PROBLEM STATEMENT:
The data must be given again exactly as written, with all images omitted.

[Annotated photo localization data]
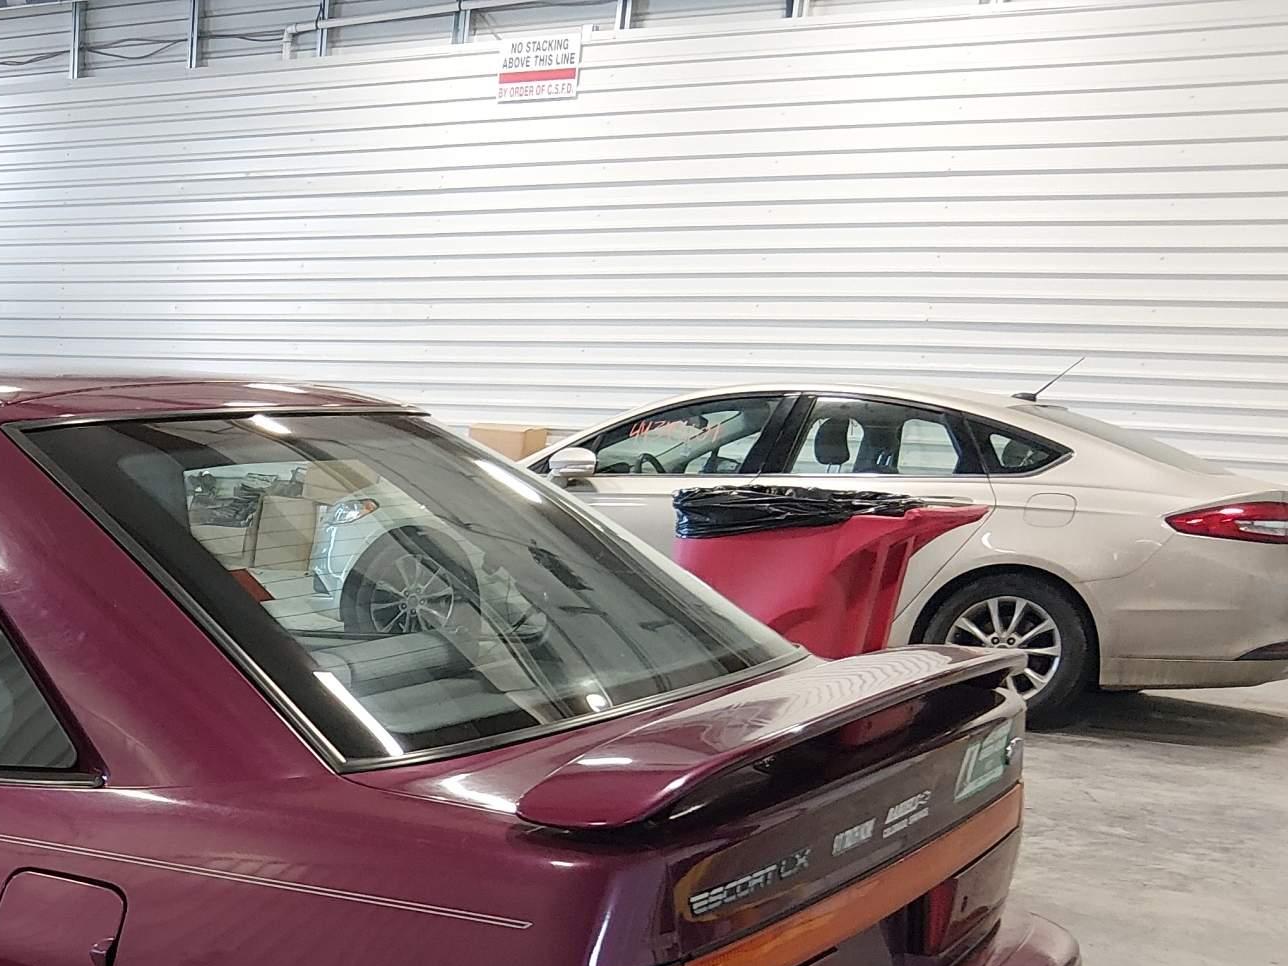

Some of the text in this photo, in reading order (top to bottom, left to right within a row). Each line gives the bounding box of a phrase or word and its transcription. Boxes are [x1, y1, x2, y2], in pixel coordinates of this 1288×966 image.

[510, 38, 569, 54] NO STACKING
[502, 52, 576, 69] ABOVE THIS LINE
[498, 87, 508, 98] BY
[509, 85, 534, 98] ORDER
[535, 84, 546, 96] OF
[688, 848, 812, 915] ESCORT LX
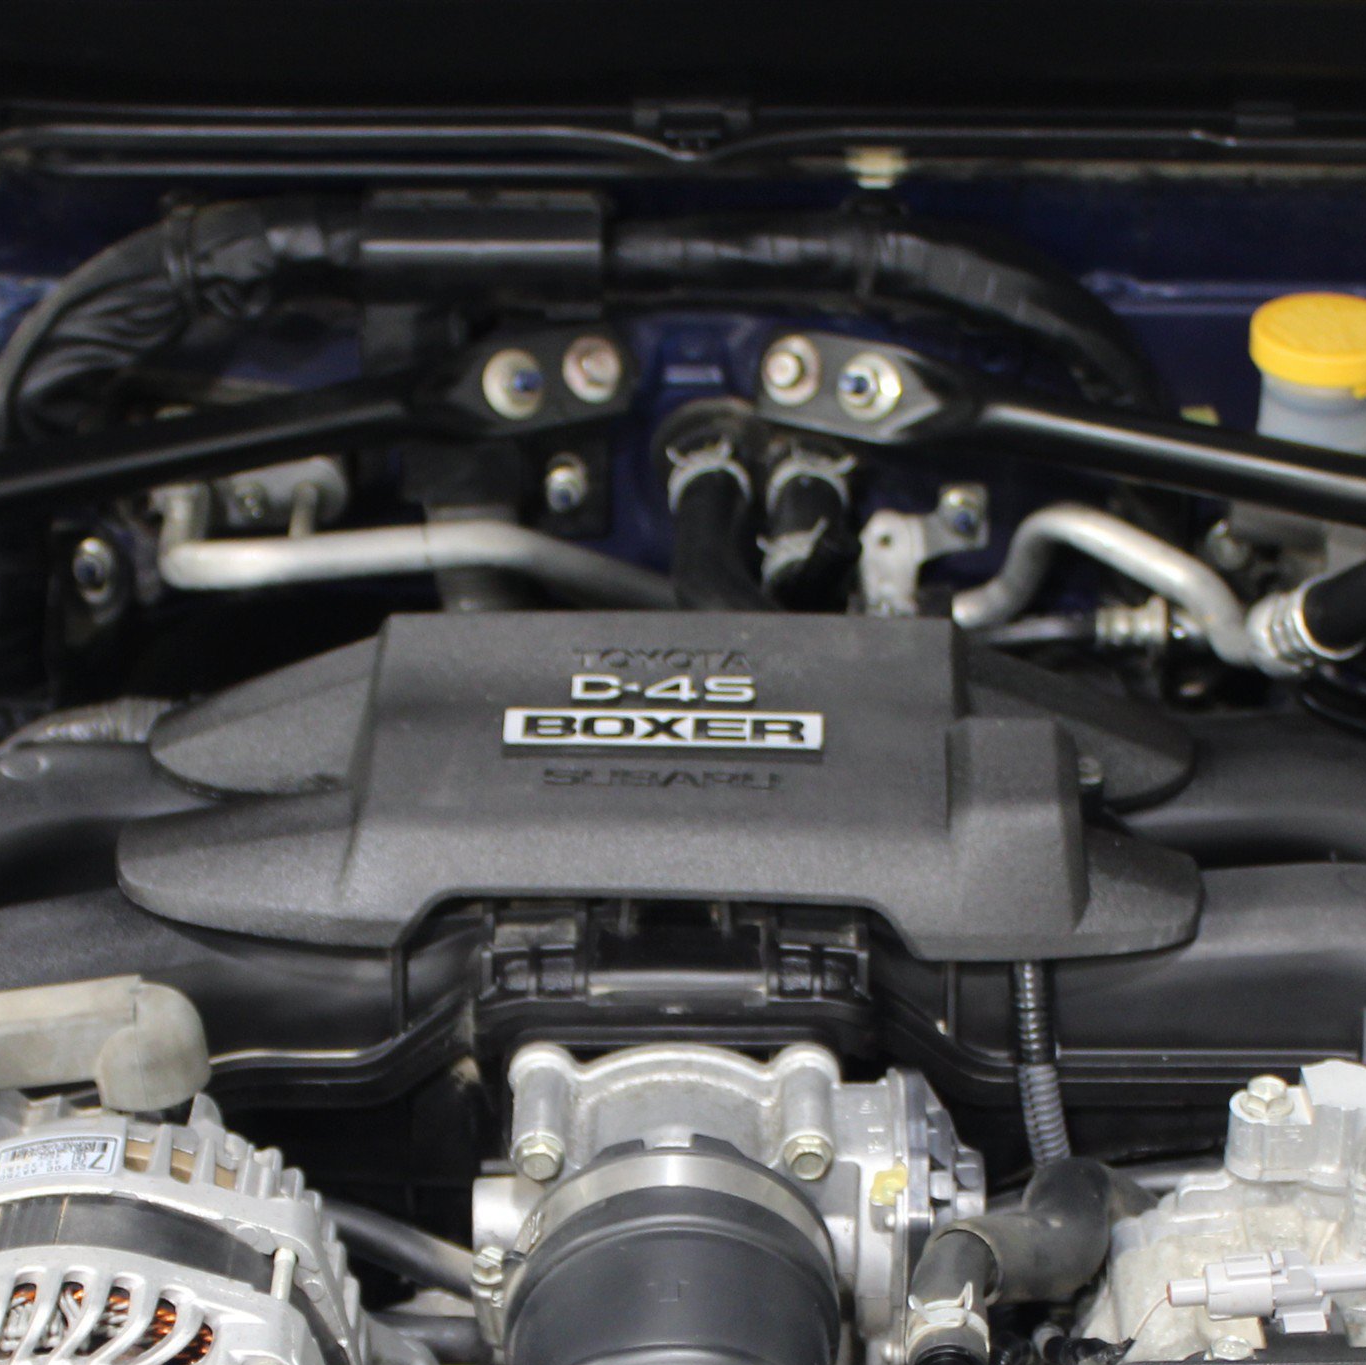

EXERCISE SOLUTION:
Some of the text in this photo, in reading order (top to bottom, left to right within a row). Each line gives the bounding box of a phrase or word and its transcription. Boxes are [x1, y1, x2, y2], in pixel coordinates of this 1288×966 image.

[510, 38, 569, 54] NO STACKING
[502, 52, 576, 69] ABOVE THIS LINE
[498, 87, 508, 98] BY
[509, 85, 534, 98] ORDER
[535, 84, 546, 96] OF
[688, 848, 812, 915] ESCORT LX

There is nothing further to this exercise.